Steps to make cherry ice porridge

Steps to make cherry ice porridge

I believe everyone has heard about the steps for making cherry ice porridge. Let’s review the knowledge about this porridge.

Cherry Ice Porridge

Ingredients for Cherry Ice Porridge

Cherry, glutinous rice, rice

How to make cherry ice porridge

1. First cook the white porridge (the ratio of rice to glutinous rice is 5:1, adding glutinous rice is to make the porridge more fragrant and thicker), let it cool down and put it in the refrigerator for about 2 hours.

2. Remove the pits from the cherries and cut them into small dices (if you are lazy, you don’t need to cut or remove the pits, but be careful not to break your teeth while drinking).

3. Dissolve 2 tablespoons of sugar in as little water as possible into thick sugar water, pour it into the cold porridge, and then add the chopped cherries.
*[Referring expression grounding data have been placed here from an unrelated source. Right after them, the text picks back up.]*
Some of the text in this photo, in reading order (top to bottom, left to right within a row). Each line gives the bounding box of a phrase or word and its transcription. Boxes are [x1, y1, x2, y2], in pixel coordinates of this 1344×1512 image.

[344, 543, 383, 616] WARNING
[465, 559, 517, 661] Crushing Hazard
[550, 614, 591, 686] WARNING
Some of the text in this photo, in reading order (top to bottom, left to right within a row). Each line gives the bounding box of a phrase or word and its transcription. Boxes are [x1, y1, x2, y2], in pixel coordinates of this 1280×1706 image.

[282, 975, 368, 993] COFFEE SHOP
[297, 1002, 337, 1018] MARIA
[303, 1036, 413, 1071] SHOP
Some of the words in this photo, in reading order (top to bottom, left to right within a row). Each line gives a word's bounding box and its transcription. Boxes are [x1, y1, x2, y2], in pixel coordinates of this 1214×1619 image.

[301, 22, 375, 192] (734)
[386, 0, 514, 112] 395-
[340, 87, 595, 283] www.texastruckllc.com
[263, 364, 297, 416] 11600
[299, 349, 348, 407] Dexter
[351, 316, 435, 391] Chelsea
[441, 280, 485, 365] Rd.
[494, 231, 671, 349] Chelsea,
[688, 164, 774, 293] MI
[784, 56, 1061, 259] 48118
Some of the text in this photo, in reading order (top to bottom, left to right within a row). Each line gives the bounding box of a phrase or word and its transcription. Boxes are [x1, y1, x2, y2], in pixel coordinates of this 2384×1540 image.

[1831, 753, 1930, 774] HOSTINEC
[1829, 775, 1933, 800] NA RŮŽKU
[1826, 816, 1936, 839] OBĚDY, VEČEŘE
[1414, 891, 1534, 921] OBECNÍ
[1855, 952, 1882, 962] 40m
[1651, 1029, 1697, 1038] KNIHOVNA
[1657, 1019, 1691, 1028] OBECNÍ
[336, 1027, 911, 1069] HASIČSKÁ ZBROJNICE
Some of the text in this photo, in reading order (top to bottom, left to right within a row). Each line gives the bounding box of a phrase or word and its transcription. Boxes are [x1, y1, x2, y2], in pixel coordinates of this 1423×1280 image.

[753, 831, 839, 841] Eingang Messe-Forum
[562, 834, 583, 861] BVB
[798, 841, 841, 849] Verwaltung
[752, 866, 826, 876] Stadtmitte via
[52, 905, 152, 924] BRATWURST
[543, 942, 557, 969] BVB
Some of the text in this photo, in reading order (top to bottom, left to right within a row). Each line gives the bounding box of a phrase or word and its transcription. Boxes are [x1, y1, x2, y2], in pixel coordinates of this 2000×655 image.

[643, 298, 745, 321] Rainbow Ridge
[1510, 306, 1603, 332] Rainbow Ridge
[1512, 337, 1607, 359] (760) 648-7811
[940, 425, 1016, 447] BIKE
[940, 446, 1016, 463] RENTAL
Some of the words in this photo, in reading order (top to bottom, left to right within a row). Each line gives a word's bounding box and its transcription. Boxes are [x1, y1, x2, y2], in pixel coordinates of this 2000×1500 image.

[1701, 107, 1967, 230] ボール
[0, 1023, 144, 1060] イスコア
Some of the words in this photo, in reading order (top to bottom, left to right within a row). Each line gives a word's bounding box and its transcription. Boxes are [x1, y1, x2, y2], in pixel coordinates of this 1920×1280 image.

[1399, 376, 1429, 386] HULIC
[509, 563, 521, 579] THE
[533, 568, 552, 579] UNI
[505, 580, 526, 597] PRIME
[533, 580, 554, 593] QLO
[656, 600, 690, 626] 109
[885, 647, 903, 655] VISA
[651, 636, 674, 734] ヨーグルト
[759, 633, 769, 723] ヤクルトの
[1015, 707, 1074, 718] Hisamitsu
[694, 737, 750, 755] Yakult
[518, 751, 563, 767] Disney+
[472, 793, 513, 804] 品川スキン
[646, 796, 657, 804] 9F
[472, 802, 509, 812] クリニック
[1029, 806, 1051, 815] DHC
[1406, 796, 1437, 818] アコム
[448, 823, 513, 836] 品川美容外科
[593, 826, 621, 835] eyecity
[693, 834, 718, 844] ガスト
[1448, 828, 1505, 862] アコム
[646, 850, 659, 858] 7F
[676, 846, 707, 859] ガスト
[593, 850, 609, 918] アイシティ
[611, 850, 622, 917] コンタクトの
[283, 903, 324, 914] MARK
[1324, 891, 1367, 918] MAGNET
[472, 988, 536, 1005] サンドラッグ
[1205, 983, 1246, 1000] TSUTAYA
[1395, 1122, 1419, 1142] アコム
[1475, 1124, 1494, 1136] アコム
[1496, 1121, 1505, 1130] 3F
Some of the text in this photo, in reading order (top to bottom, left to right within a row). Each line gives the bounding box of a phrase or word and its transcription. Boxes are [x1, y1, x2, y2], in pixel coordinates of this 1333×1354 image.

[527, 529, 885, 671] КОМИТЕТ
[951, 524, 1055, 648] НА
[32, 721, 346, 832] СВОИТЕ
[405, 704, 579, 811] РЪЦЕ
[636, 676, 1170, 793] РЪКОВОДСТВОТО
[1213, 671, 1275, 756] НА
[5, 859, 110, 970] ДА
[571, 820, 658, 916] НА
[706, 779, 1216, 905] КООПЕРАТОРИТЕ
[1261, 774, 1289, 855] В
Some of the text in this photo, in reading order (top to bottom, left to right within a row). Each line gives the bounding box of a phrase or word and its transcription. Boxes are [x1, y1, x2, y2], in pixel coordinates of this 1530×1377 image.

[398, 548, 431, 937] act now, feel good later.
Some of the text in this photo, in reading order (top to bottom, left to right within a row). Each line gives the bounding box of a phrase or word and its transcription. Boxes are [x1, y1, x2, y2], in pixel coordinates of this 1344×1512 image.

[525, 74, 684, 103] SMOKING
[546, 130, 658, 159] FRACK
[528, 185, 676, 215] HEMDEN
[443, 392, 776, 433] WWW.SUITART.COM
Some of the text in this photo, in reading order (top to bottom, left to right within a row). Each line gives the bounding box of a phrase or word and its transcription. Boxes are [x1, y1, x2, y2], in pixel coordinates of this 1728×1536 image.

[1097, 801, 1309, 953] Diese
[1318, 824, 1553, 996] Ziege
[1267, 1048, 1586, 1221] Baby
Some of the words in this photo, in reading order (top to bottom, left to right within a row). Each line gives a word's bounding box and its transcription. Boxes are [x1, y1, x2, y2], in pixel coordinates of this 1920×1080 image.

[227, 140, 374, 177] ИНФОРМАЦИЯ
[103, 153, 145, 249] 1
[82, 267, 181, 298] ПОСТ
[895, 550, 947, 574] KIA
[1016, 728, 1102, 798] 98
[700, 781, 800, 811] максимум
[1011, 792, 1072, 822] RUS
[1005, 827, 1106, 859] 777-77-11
Nutritional analysis of cherry ice porridge

1 Cherry belongs to the genus Ceraras in the Rosaceae family and is a temperate deciduous fruit tree. Cherry matures early and is known as the first fruit of early spring. There are four types of cherries cultivated as fruit trees in my country: Chinese cherry, sweet cherry, sour cherry and hairy cherry. Cherry is red like agate, as big as a bullet, as small as a pearl, watery and shiny, and very tempting.

2 Cherries are not only colorful, but also delicious and nutritious. They contain carbohydrates, proteins, calcium, phosphorus, iron and multiple vitamins. In particular, the iron content is as high as 6 to 8 mg per 100 grams, which is 20 to 30 times higher than apples, oranges and pears. The vitamin A content is 4 to 5 times higher than apples, oranges and grapes. Therefore, eating cherries can promote hemoglobin regeneration and prevent cancer.

3 Cherries also have medicinal value. Their roots, branches, leaves, cores, and fresh fruits can all be used as medicine to treat a variety of diseases. In particular, they can promote the regeneration of hemoglobin, which is beneficial to patients with anemia. Li Shizhen, a pharmacist in the Ming Dynasty, recorded in "Compendium of Materia Medica" that cherries have multiple medicinal effects such as invigorating qi, removing rheumatism, clearing rashes, and detoxifying. (Cherries are hot in nature, so they should not be eaten by people with fever and cough. Cherry kernels contain cyanogenic glycosides, which hydrolyze to produce hydrogen cyanide. Ingestion may cause poisoning symptoms.)